▸ Dataset content:
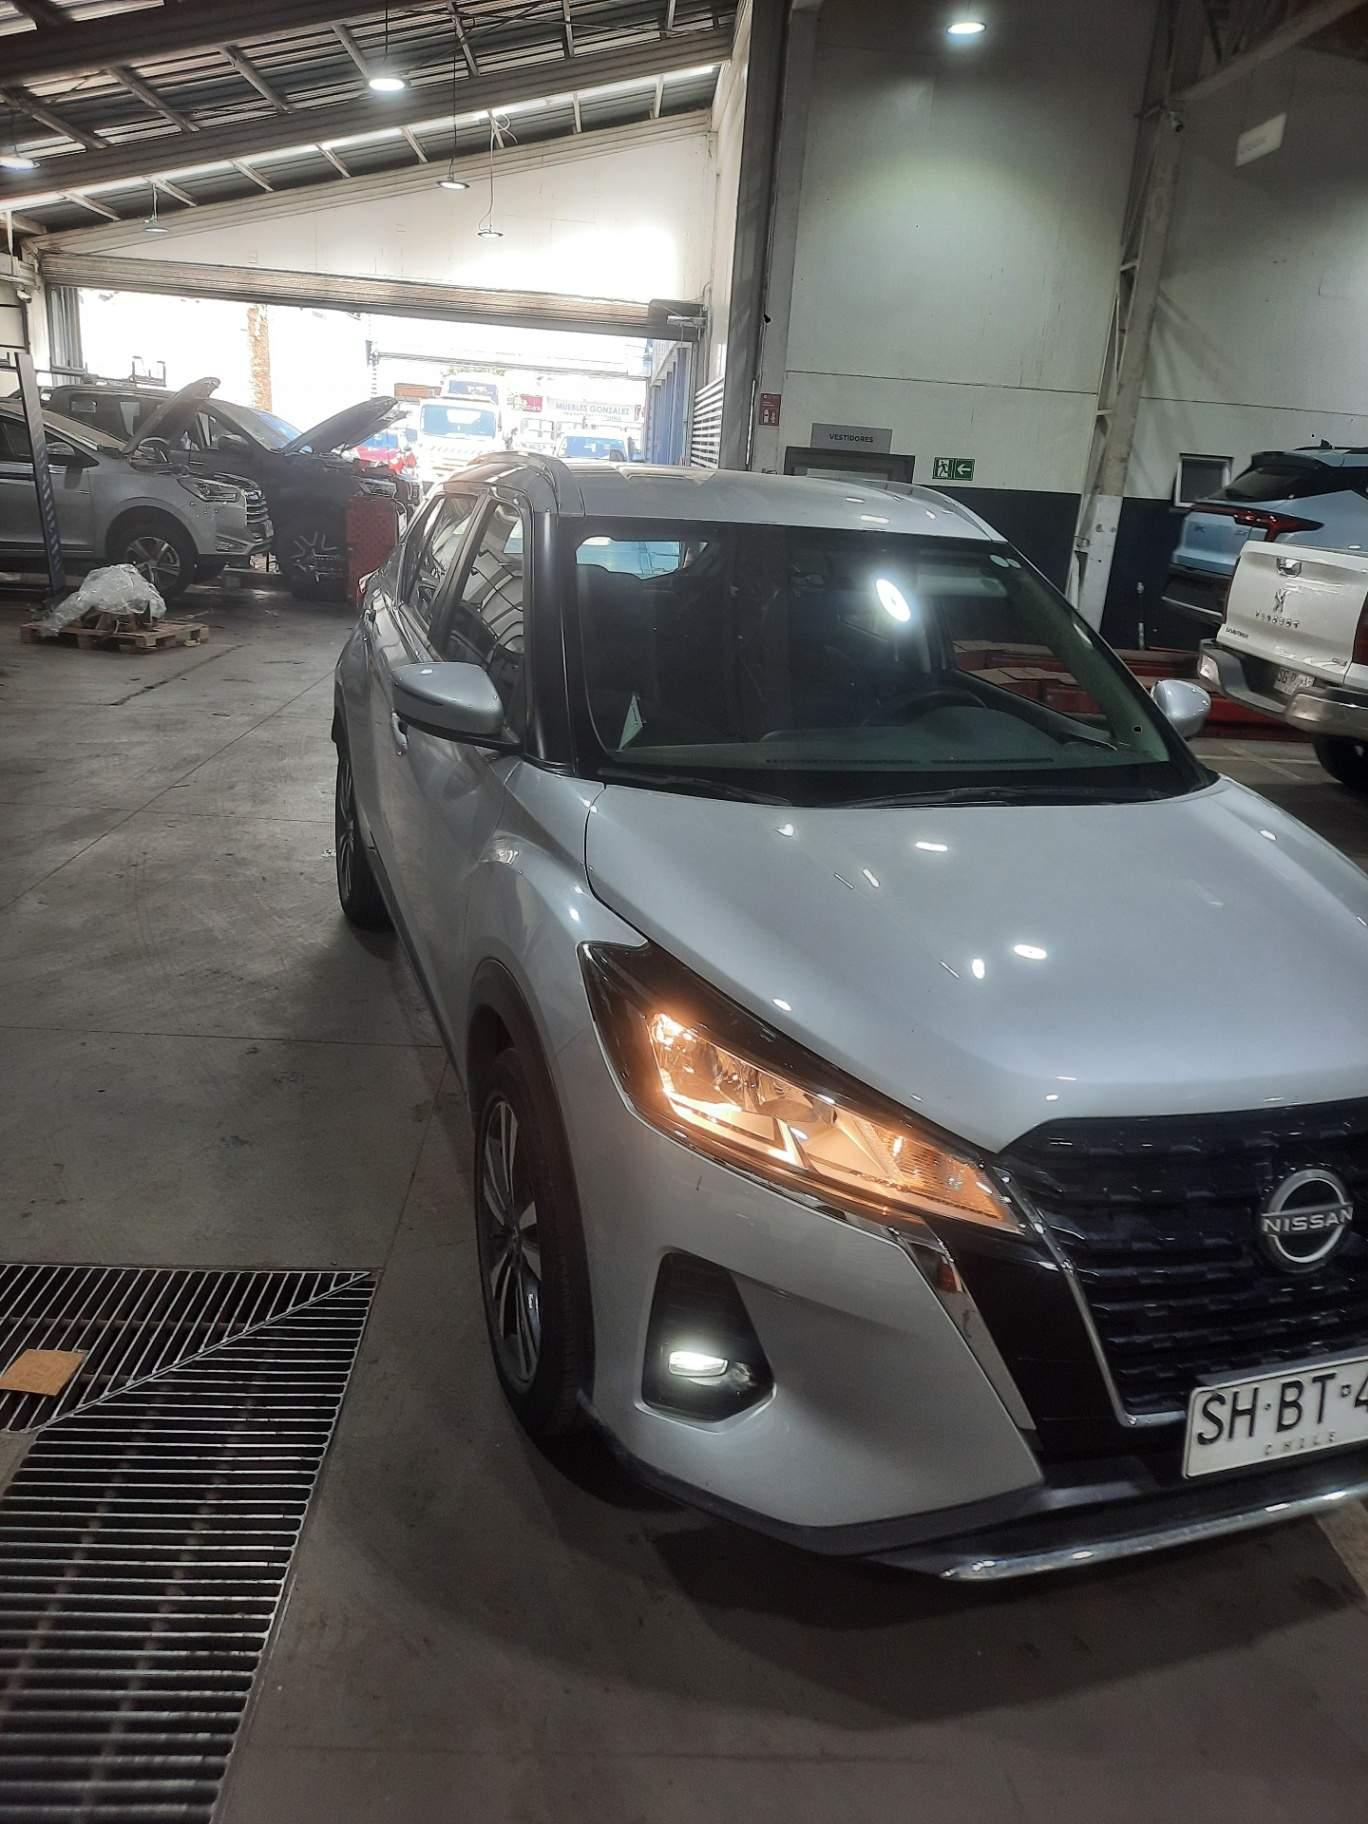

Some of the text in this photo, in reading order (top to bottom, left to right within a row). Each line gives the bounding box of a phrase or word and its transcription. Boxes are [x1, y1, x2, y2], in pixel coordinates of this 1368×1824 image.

[829, 433, 874, 443] VESTIDORES
[1263, 1206, 1353, 1232] NISSAN
[1265, 1432, 1336, 1456] CHILE
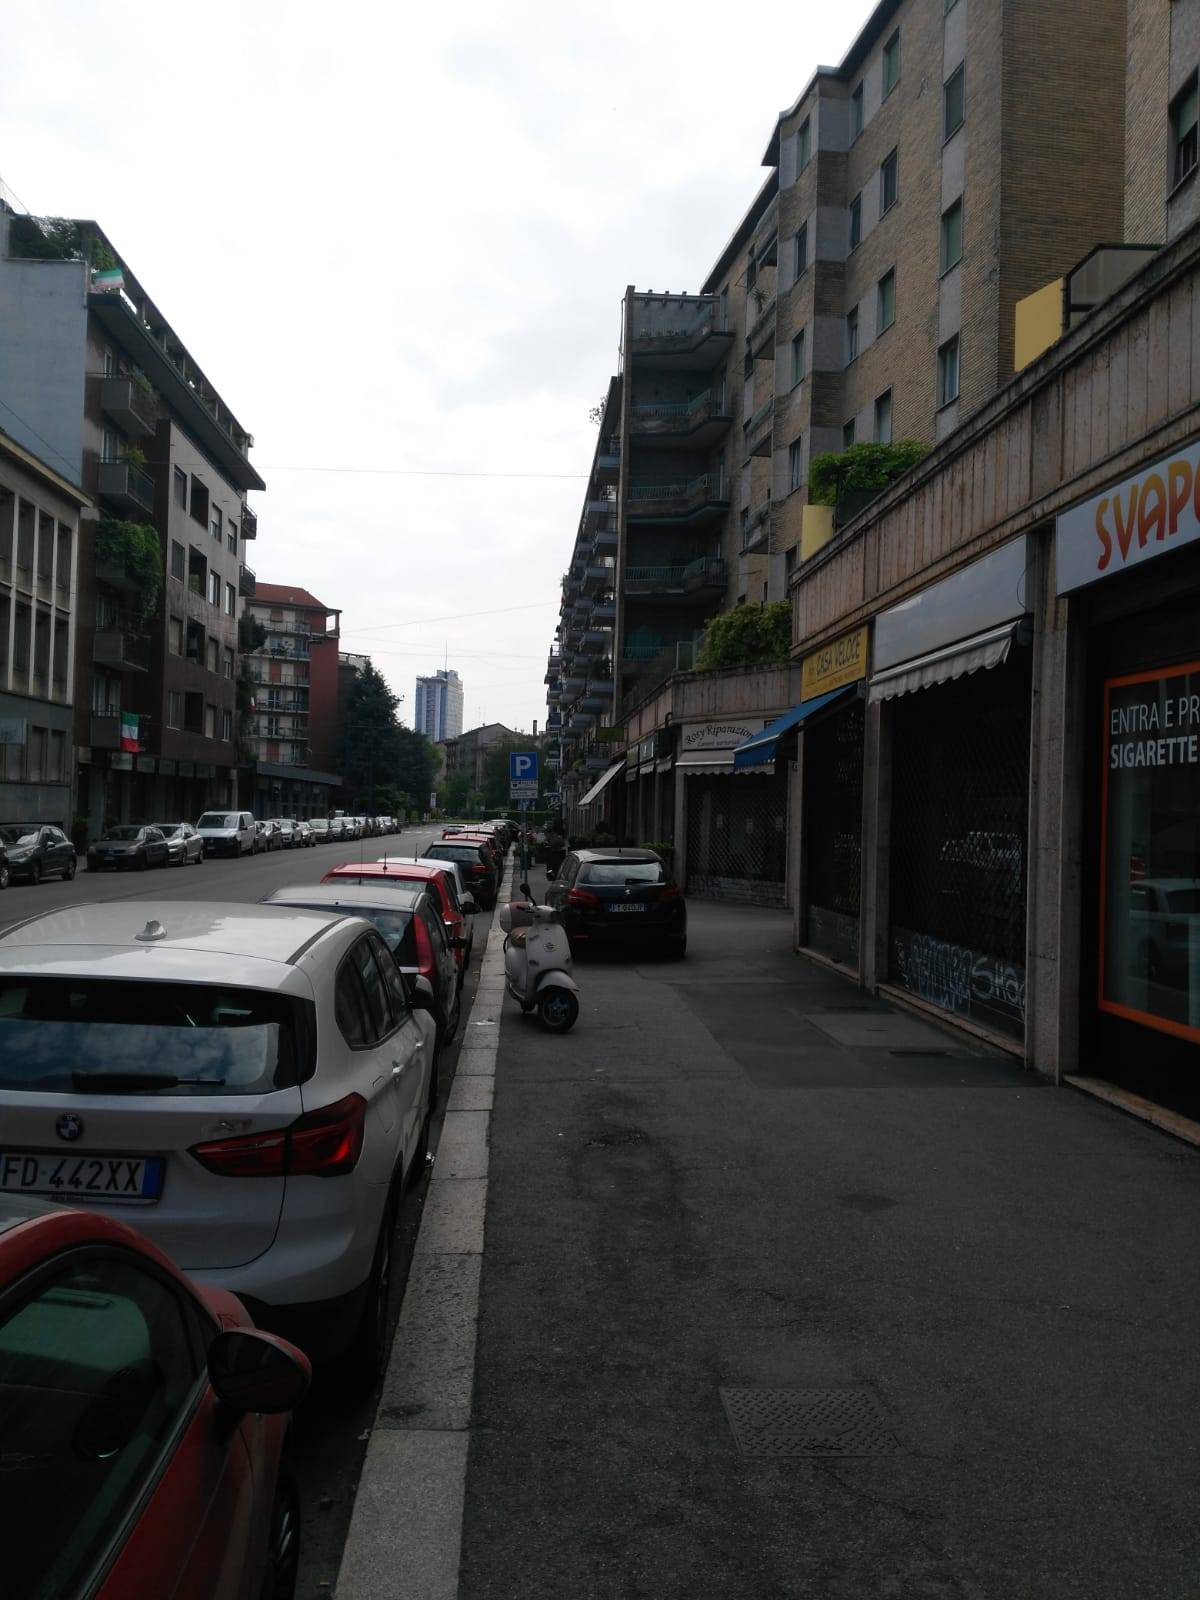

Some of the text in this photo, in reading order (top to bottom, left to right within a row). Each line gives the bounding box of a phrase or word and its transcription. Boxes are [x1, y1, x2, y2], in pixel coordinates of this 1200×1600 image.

▸ Activity:
Could you retype every record exactly, leaving the pictures out?

▸ Your response:
Some of the text in this photo, in reading order (top to bottom, left to right within a row). Each line gives the bounding box of a phrase or word and its transcription. Boxes are [x1, y1, x2, y2], in pixel coordinates of this 1368×1824 image.

[829, 433, 874, 443] VESTIDORES
[1263, 1206, 1353, 1232] NISSAN
[1265, 1432, 1336, 1456] CHILE

Some of the text in this photo, in reading order (top to bottom, left to right within a row). Each line gives the bounding box of a phrase or word and its transcription. Boxes are [x1, y1, x2, y2], in pixel coordinates of this 1200×1600 image.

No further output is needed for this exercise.